* _Goal of the exercise_
The listing is to be reproduced exactly, excluding its pictures.

* _Recorded information_
______________________________

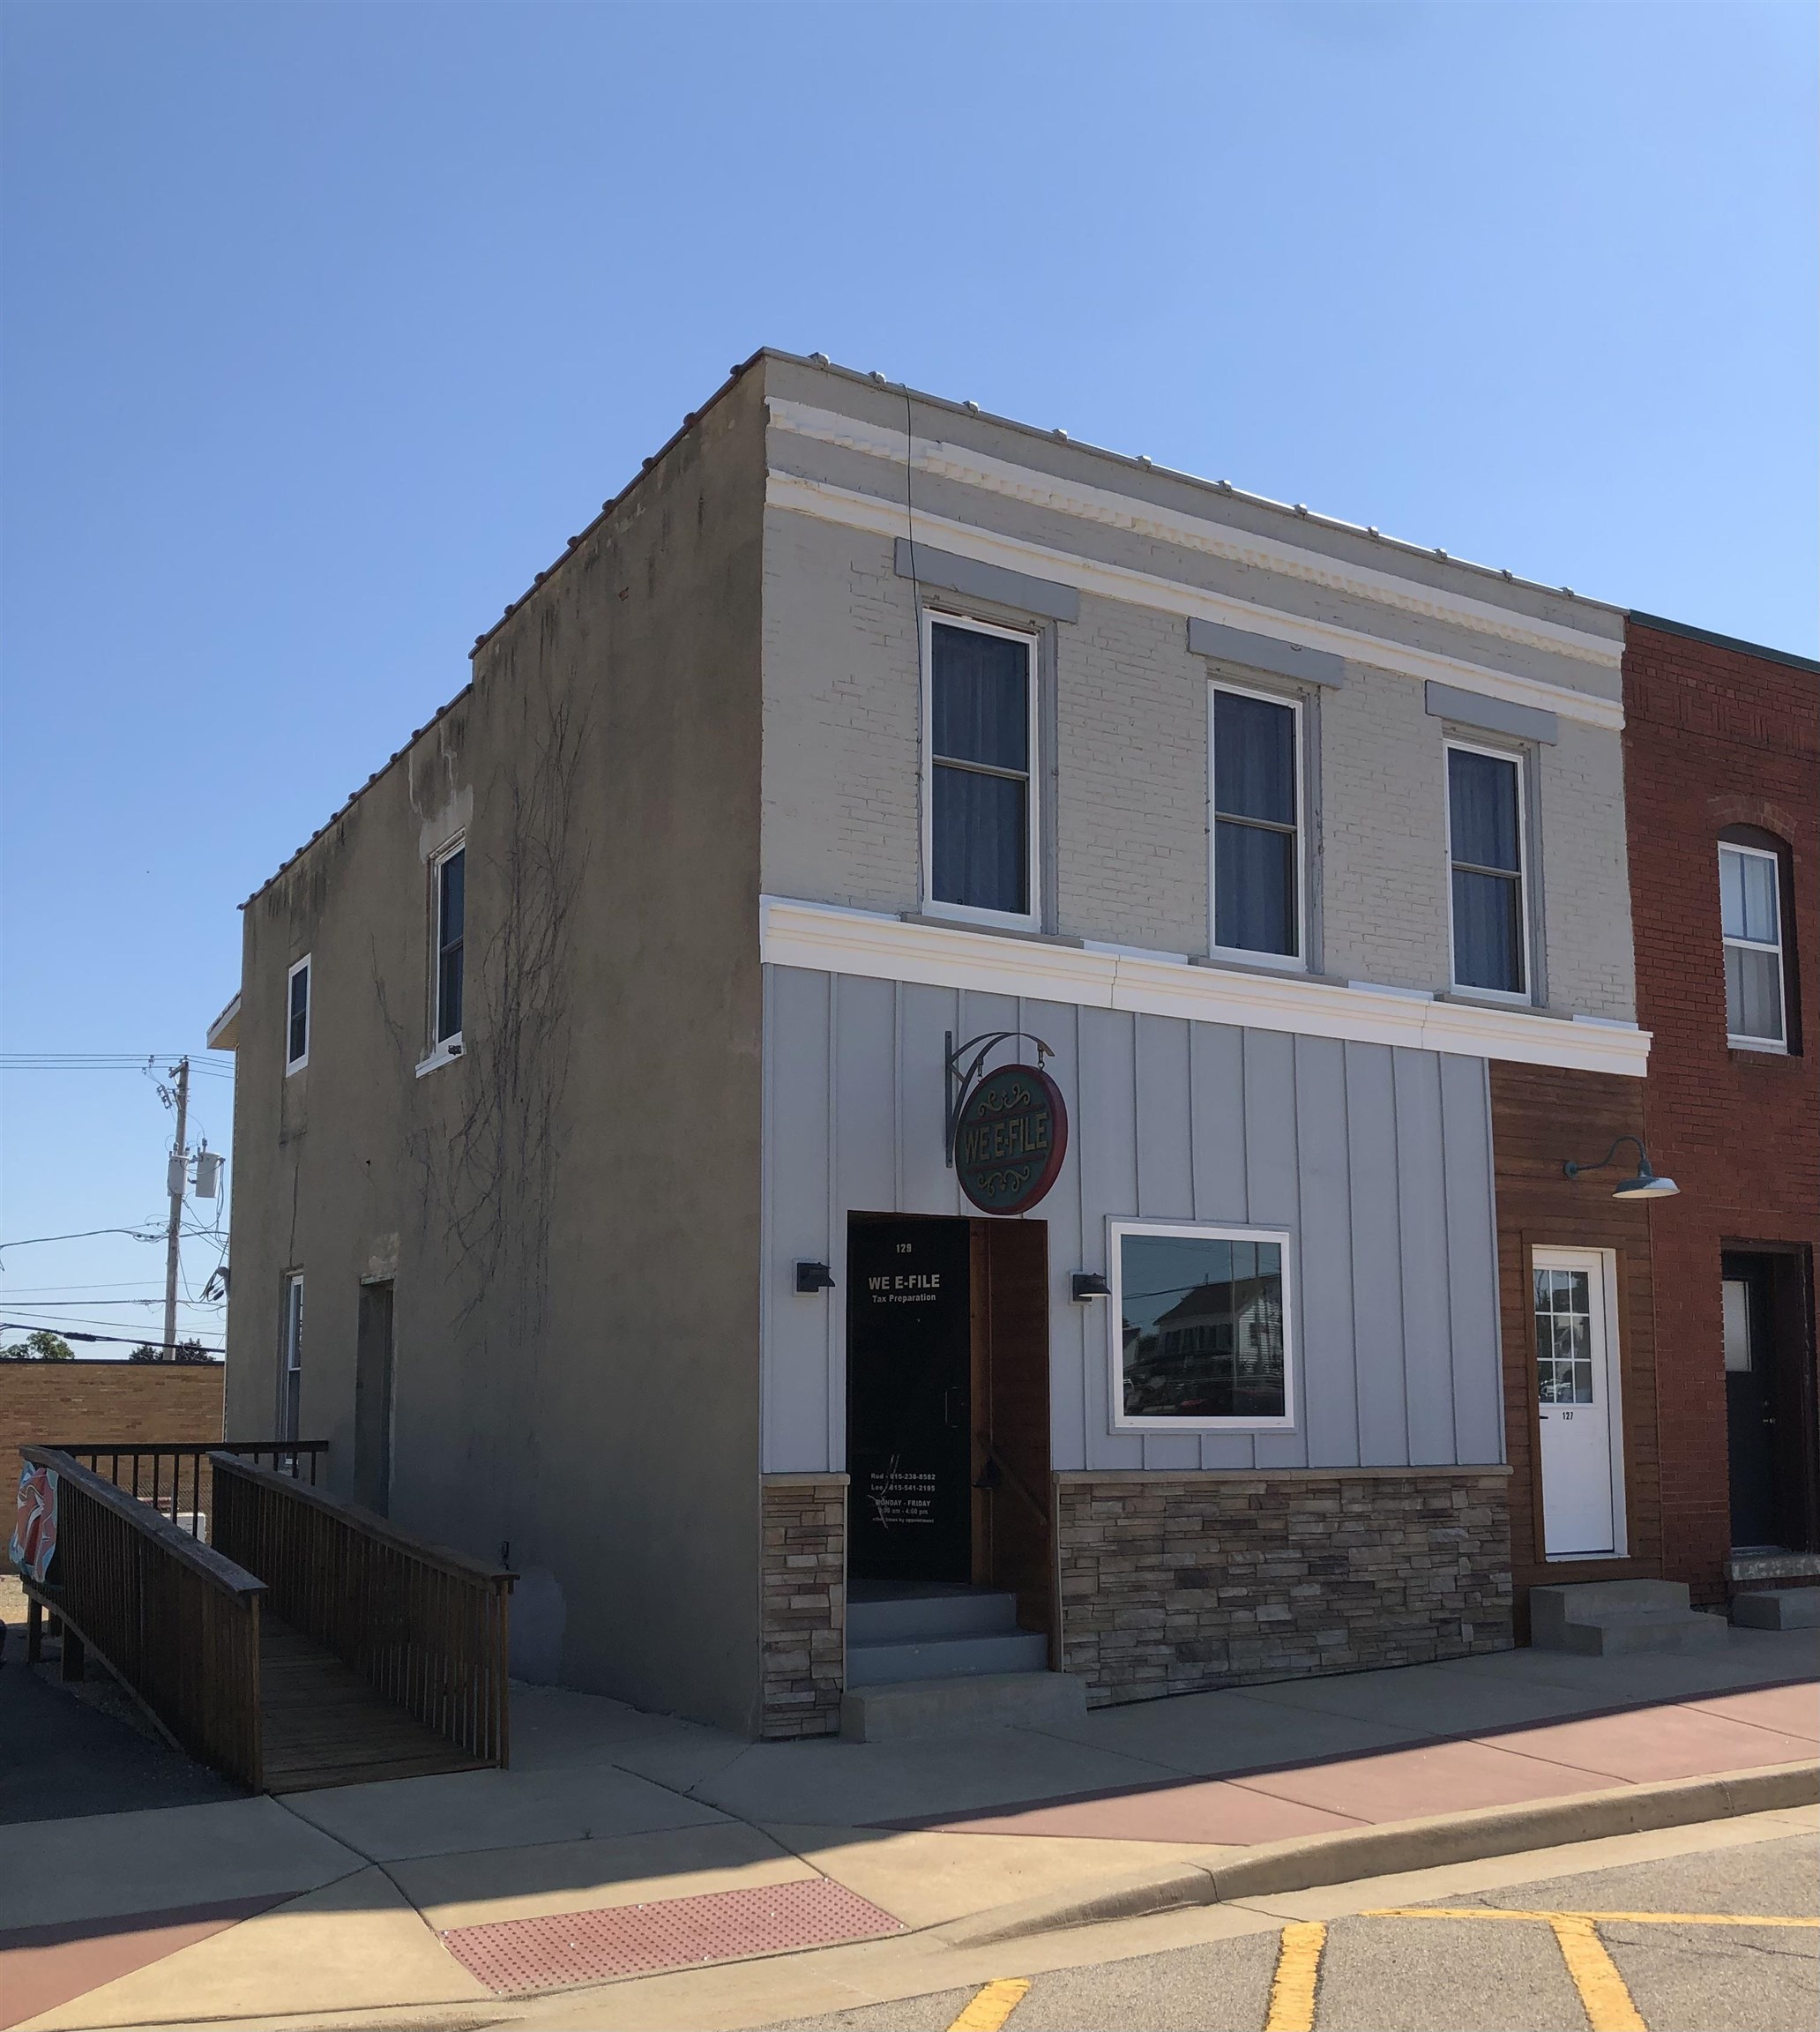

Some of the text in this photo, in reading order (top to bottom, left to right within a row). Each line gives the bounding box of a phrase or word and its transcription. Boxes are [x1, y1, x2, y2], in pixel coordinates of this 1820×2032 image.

[965, 1112, 1048, 1164] WE E-FILE
[869, 1274, 940, 1290] WE E-FILE
[889, 1293, 936, 1304] Preparation
[1562, 1411, 1574, 1420] 127

______________________________

* _Task answer_
Some of the text in this photo, in reading order (top to bottom, left to right within a row). Each line gives the bounding box of a phrase or word and its transcription. Boxes are [x1, y1, x2, y2], in pixel coordinates of this 1820×2032 image.

[965, 1112, 1048, 1164] WE E-FILE
[869, 1274, 940, 1290] WE E-FILE
[889, 1293, 936, 1304] Preparation
[1562, 1411, 1574, 1420] 127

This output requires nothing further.